Respect the old and cherish the young. Even insects, grass and
trees you must not hurt.
Attr. Ko Hung (284-363 AD) (Confucian-Taoist)
Nothing will be left, Nothing in the air, nothing under the earth,
nothing in the waters. All will be exterminated.
Leonardo Da Vinci (1452-1519)
Nature understands her business better than we do.
Michel de
Montaigne (1533-1592)
... there is nevertheless a certain respect, a general duty to
humanity, not only to beasts that have life and sense, but even
to trees and plants. We owe justice to men, and graciousness and
benignity to other creatures ... there is a certain commerce and
mutual obligation betwixt them and us.
Michel de Montaigne (1533-1592)
Nature to be commanded must be obeyed.
Francis Bacon (1561-1626)
Nature uses as little as possible of anything.
Johannes Keppler (1571-1630)
We cannot think too highly of our nature, nor too humbly of ourselves.
Colton (1780-1832)
Weed - a plant whose virtues have not yet been discovered.

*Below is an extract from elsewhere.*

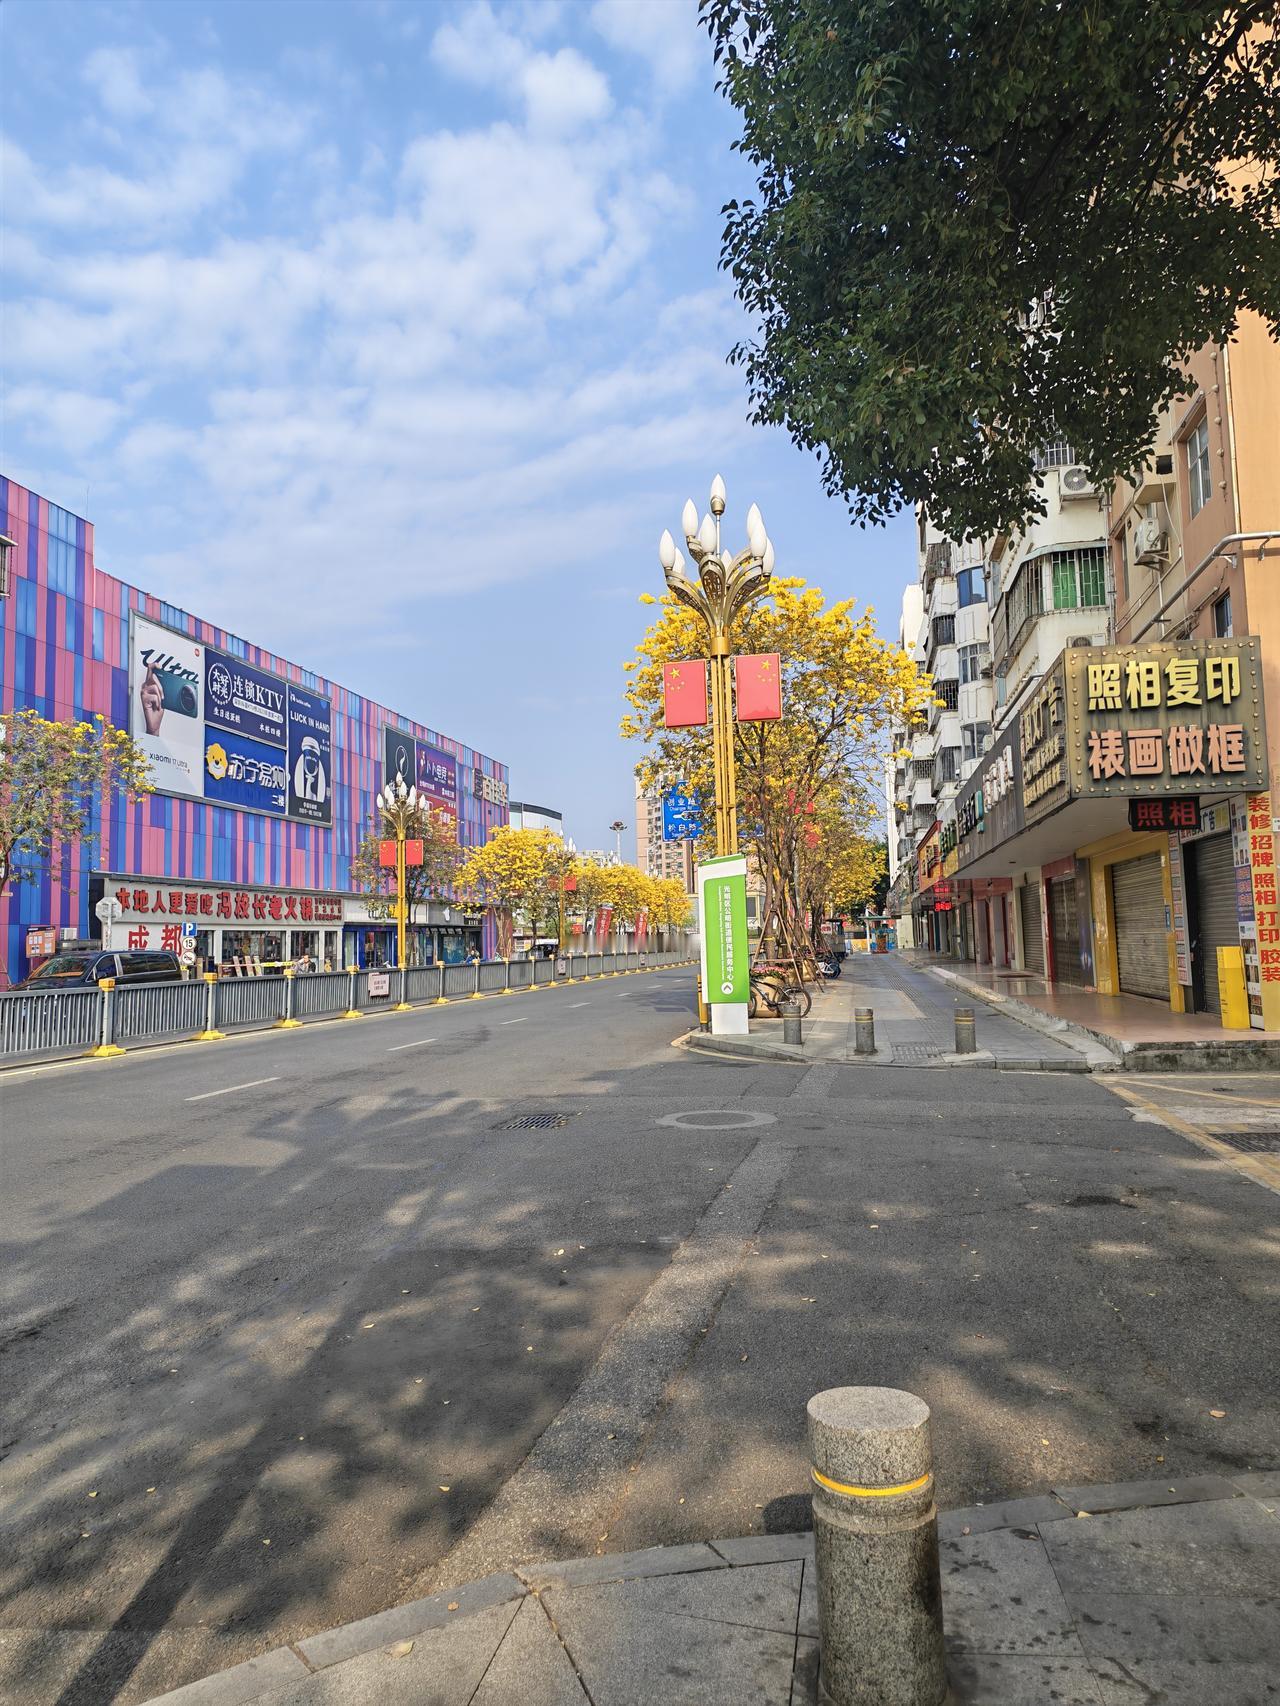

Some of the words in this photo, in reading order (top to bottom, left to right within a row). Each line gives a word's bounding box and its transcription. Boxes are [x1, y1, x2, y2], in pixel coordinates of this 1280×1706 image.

Ralph Waldo Emmerson (1803-1882)
If spring came but once in a century, instead of once a year,
or burst forth with the sound of an earthquake, and not in silence,
what wonder and expectation there would be in all hearts to behold
the miraculous change!
Henry Longfellow (1807-1882)
Spring - An experience in immortality.
Henry D. Thoreau (1817-1862)
Remember that the most beautiful things in the world are the most
useless; peacocks and lilies, for instance.
John Ruskin (1819-1900)
Sit down before fact like a little child, and be prepared to give
up every preconceived notion, follow humbly wherever and to whatever
abyss Nature leads, or you shall learn nothing.
Thomas Henry Huxley (1825-1895)
Bear in mind that the children of life are the children of joy;
that the lower animals are only unhappy when made so by man; that
man alone of all the creatures, has "found out many inventions",
the chief of which appears to be the art of makind himself miserable,
and of seeing all Nature stained with that dark and hateful colour.
W.H.Hudson (1841-1922)
...every tree near our house had a name of its own and a special
identity. This was the beginning of my love for natural things,
for earth and sky, for roads and fields and woods, for trees and
grass and flowers; a love which has been second only to my sense
of enduring kinship with birds and animals, and all inarticulate
creatures.
Ellen Glasgow (1874-1945)
The only thing we have to fear on this planet is man.
Carl Jung (1875-1961)
Government cannot close its eyes to the pollution of waters, to
the erosion of soil, to the slashing of forests any more than it
can close its eyes to the need for slum clearance and schools.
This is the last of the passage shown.